C’est la première fois qu’avec autant de vérité, par le biais d’un réalisme cru, sans concession et d’une rigueur sociologique impressionnante, la littérature africaine lève impudiquement le rideau sur cette nouvelle dimension de la société africaine contemporaine, plaie béante d’un continent malade de ses élites. Les adolescents de Magenta sont nés au début des années 1980, quand les programmes d’ajustement structurel imposés par les institutions financières internationales ont saigné à blanc les économies africaines, avec la libéralisation forcenée et la privatisation des entreprises.
Si les populations en ont fait les frais, une caste restreinte de corrompus en a bénéficié et a été projetée sur le devant de la scène politique, installée à la direction des affaires par des marionnettistes qui tirent tous les avantages de l’autre côté de l’océan. Des adolescents dont « les parents s’en mettent plein les poches tous les jours et empêchent ce pays de sortir du marasme économique ». Des adolescents qui connaissent mieux Racine ou Rimbaud que Cheik Anta Diop, Cheik Amidou Kane ou Kocc Barma Fall.
D’une plume acérée, avec une simplicité corrosive qui émeut et interpelle, Sokhna Ndao dévoile le tabou et en même temps perce l’abcès. Pour explorer l’infection dans la pénombre des mœurs dégradantes, sans pourtant manquer d’un lyrisme attendrissant, elle délaisse les lettres flamboyantes de ses confrères et consœurs et fait de cette prouesse stylistique un véritable paradoxe littéraire.
L’auteure, née à Dakar, connaît bien le Sénégal où elle a longtemps vécu avant de le quitter. Une enfance à Thiès, chez les grands-parents, pour retenir le souvenir de ses promenades en calèche avec ses tantes. Puis des colonies de vacances au Prytanée militaire de Saint-Louis, où une rencontre fortuite avec le comédien Alioune Badara Diagne marque son esprit et la conduit au pays des contes et des récits. Durant l’été de ses 10 ans à Ziguinchor, dans la Casamance verdoyante des génies des feuilles qui dansent, Sokhna échappe au contrôle familial lors d’escapades audacieuses en mobylette.

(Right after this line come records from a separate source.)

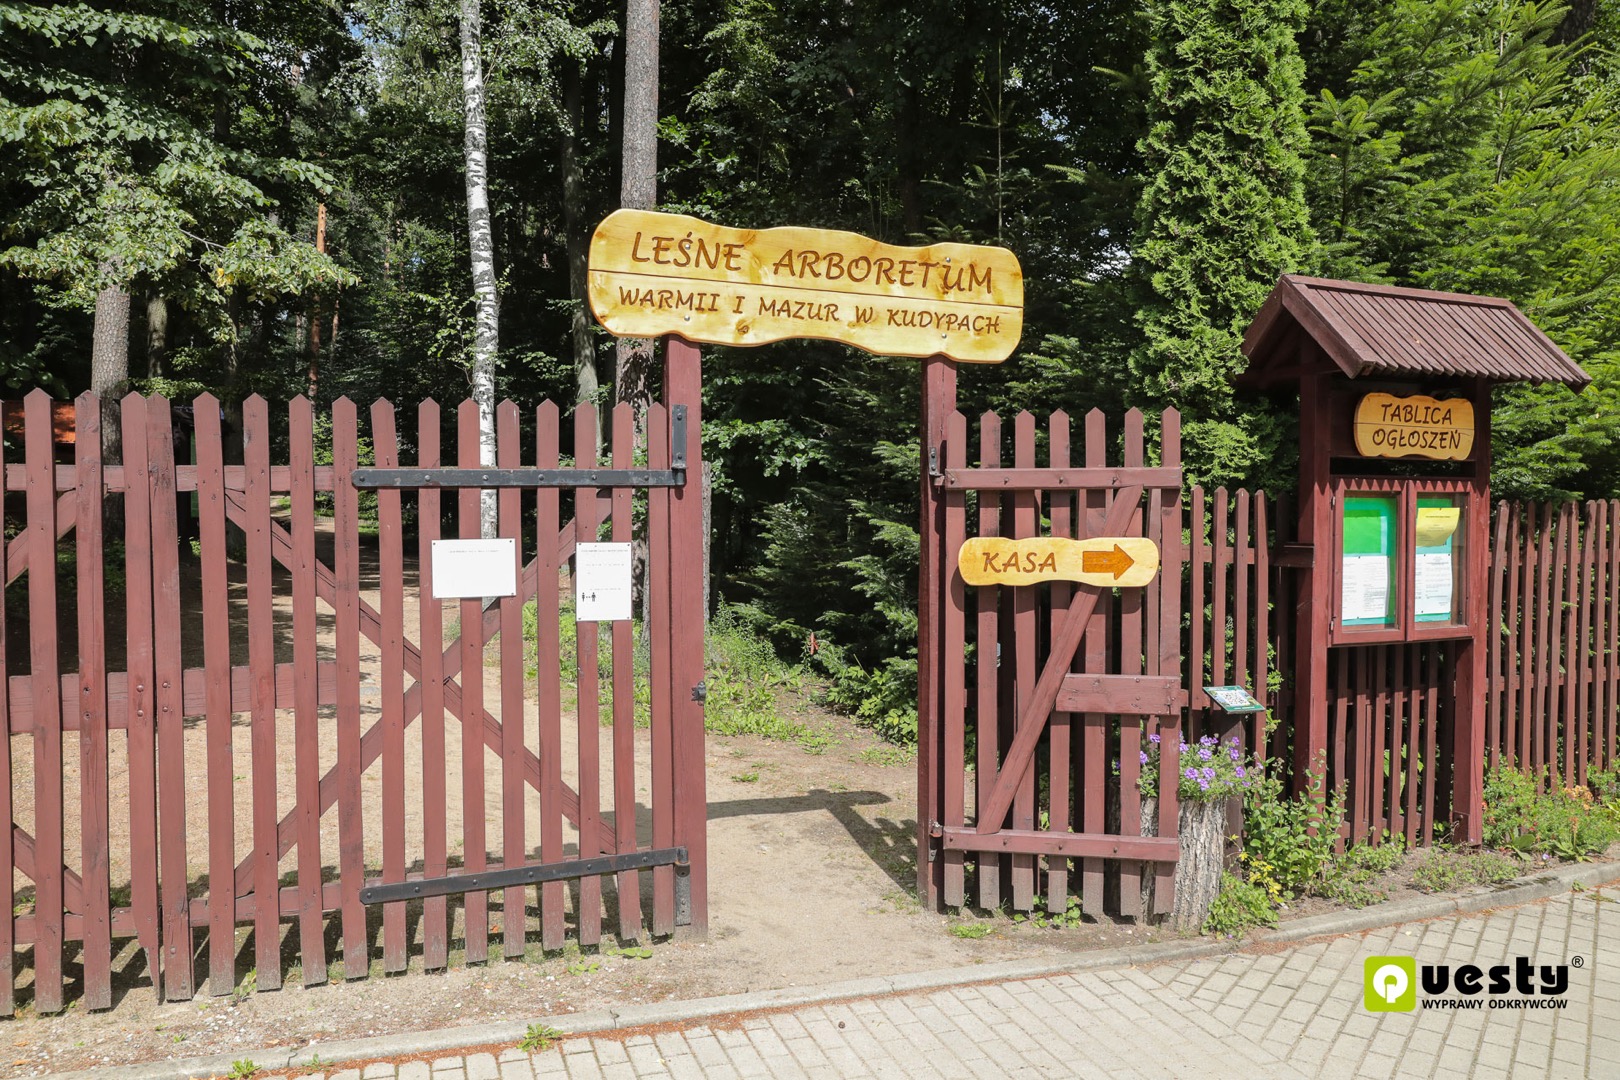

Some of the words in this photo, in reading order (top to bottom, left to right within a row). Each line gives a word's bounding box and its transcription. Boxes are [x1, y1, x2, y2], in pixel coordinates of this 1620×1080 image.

[631, 231, 744, 272] LEŚNE
[773, 249, 994, 294] ARBORETUM
[618, 286, 720, 312] WARMII
[732, 295, 744, 314] I
[758, 297, 840, 322] MAZUR
[855, 306, 874, 325] W
[887, 309, 1001, 335] KUDYPACH
[1381, 403, 1452, 425] TABLICA
[1372, 428, 1461, 450] OGŁOSZEŃ
[982, 552, 1057, 573] KASA

Quand elle retourne sur cette terre natale riche de chants de piroguiers et de halètements de baobabs, elle se rend au marché Sandaga, à Dakar, pour acheter statuettes et toiles des artisans locaux, se ressourcer à l’écoute des marchandes dont les échanges vifs évoquent les enchaînements sourds des sabars. Pourtant, dans sa narration fluide et captivante, on ne respire pas les odeurs de la brousse, pas plus qu’on entend le souffle de la mer dans le couchant doré de Yoff. Quelques références historiques, de rares patronymes, la citation d’un styliste en vogue, point.

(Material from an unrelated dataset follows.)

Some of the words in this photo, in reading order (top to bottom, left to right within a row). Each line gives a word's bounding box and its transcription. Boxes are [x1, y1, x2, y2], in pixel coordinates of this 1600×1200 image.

Le talent ne lui faisant pas défaut, le choix de l’écriture convient évidemment à l’objet du récit. Sokhna Ndao projette dans une lumière crue, parfois diaphane, les lieux et les personnages d’un univers cloîtré, superfétation de la mondialisation qui, au sud de la Méditerranée, produit ces monstres. Un univers transculturel et sans l’urgence de repères géographiques. Car on est à Dakar comme on pourrait être à Cotonou ou a Kinshasa et, pourquoi pas, à Paris pendant un week-end de courses aux Champs-Élysées. Les acteurs de cette tragédie y déambulent comme s’ils étaient dans le vide, rongés par le mal-être. Parfois, sans qu’ils le sachent, l’ombre sinistre de la mort rôde à deux pas de leurs existences égarées.
Magenta s’introduit au cœur de la pathologie d’un continent qui, après un demi-siècle d’espoirs, est toujours agressé par l’extérieur, et met à nu sans complaisance les effets mortifères des nouveaux dispositifs de domination. Le voyage dans cet univers trouble et cloisonné est à la fois une métaphore et une réalité des dérives d’une élite africaine pervertie par l’infection de l’argent injecté par les corrupteurs, afin de renouveler une soumission sans cesse recommencée.